The young man made no effort to conceal his disappointment, and Reb Mendel's expression softened. "Don't you see," he said kindly, "the quarrel with your father impedes your spiritual progress. So long as you have something in your past which disturbs and interferes with your concentration, you will never know the tranquillity that is necessary for the ecstasy we strive for."
"It wasn't only that," Akiva pleaded. "We never really got along, he had old-fashioned ideas— even about running the store. Lots of stuff he wouldn't carry because he'd say it wasn't in keeping with the dignity of a pharmacy. Even the way you filled prescriptions, it had to be just so. Like where every pharmacy in town used plastic tubes for putting up pills, he still used glass bottles because he said the tubes weren't air-tight, although there are only a few pills like nitroglycerin that deteriorate in the air."
"And this was a hardship?"
"No, but it's old-fashioned, the bottles cost more and instead of just sliding the label in like you do with tubes, you got to paste them on. I'm just giving that as an example. Like we used to stay open later than the other stores in town because he felt it was the responsibility of a pharmacy to the community. Sometimes, doctors would call up in the middle of the night and I might have to go to the store to compound the medicine and maybe even deliver it."

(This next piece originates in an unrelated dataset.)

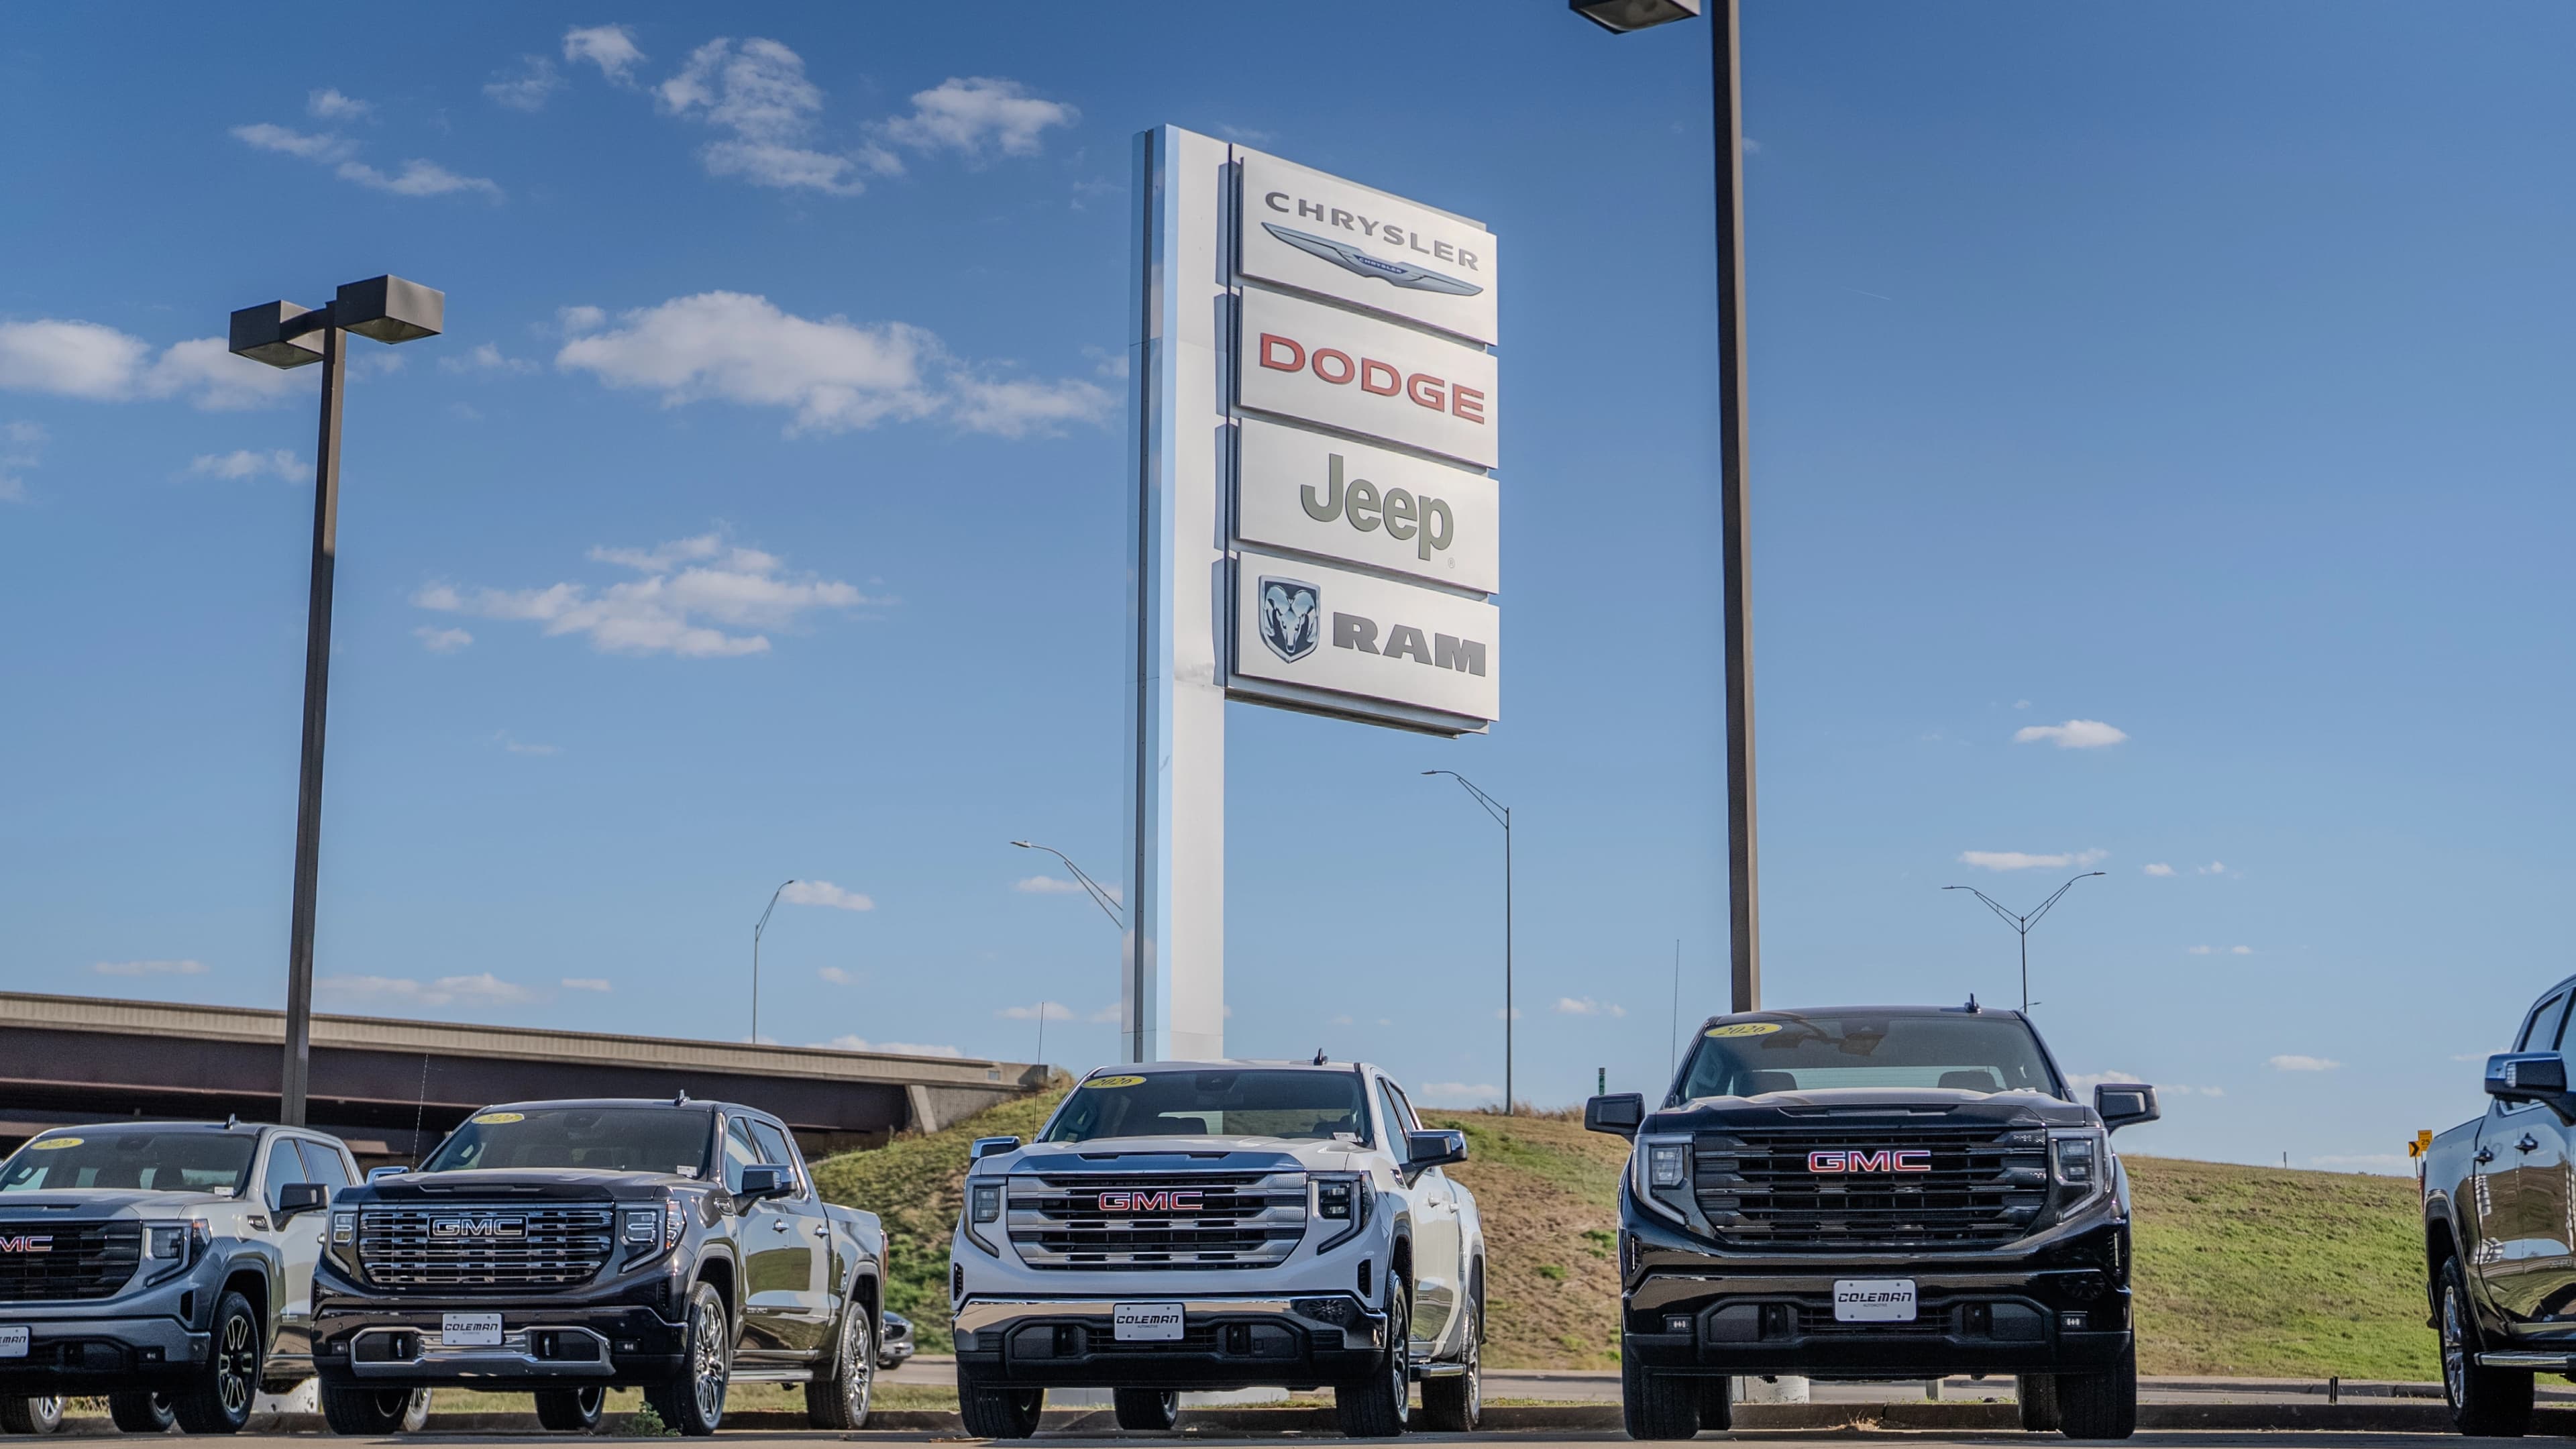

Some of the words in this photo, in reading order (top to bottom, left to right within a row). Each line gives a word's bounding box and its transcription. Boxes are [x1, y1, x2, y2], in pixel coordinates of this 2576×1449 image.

"And over this you quarreled? It was a good deed, a mitzvah. You were helping a sick person."
"We didn't fight over that. I'm just trying to give you an idea of how he felt about the store." He smiled wanly. "That's how I happened to oversleep that morning. If it was a mitzvah, I sure didn't get any reward for it."
"One doesn't perform a mitzvah in the hope of reward. If one does, then it is no longer a mitzvah but a business transaction that you are trying to make with The Almighty, and one does not always recognize the reward when it comes." He thoughtfully stroked his beard.
"Yeah, I suppose," Akiva agreed moodily, staring down at his hands, then he looked up and tried once again. "He didn't pay me what he'd have to pay a regular pharmacist, and I worked longer hours, that was because I was his son, he'd say, 'The store is yours. In a few years I'll step aside and you'll take over the way I did from my father.' Like it was a family tradition," he added bitterly, "like a bank or a railroad or some big corporation. But it was only a small neighborhood drugstore, and if it was mine, how come he raised such a stink when I took some of what was mine?"
"This family tradition, you have no feeling for?"
The young man shook his head. "To me it's just a job. If I go home, he'll start in about carrying on the tradition and I'll just fight with him again."
Reb Mendel nodded his head slowly as he considered. Finally, he spoke, in tones that would brook no further argument. "This disagreement with your father, it bothers you. It is not something you can forget, and for that reason it is a psychological and spiritual infection that must be cured or it will spread and bring about your spiritual decay. Go home, Akiva. Go home."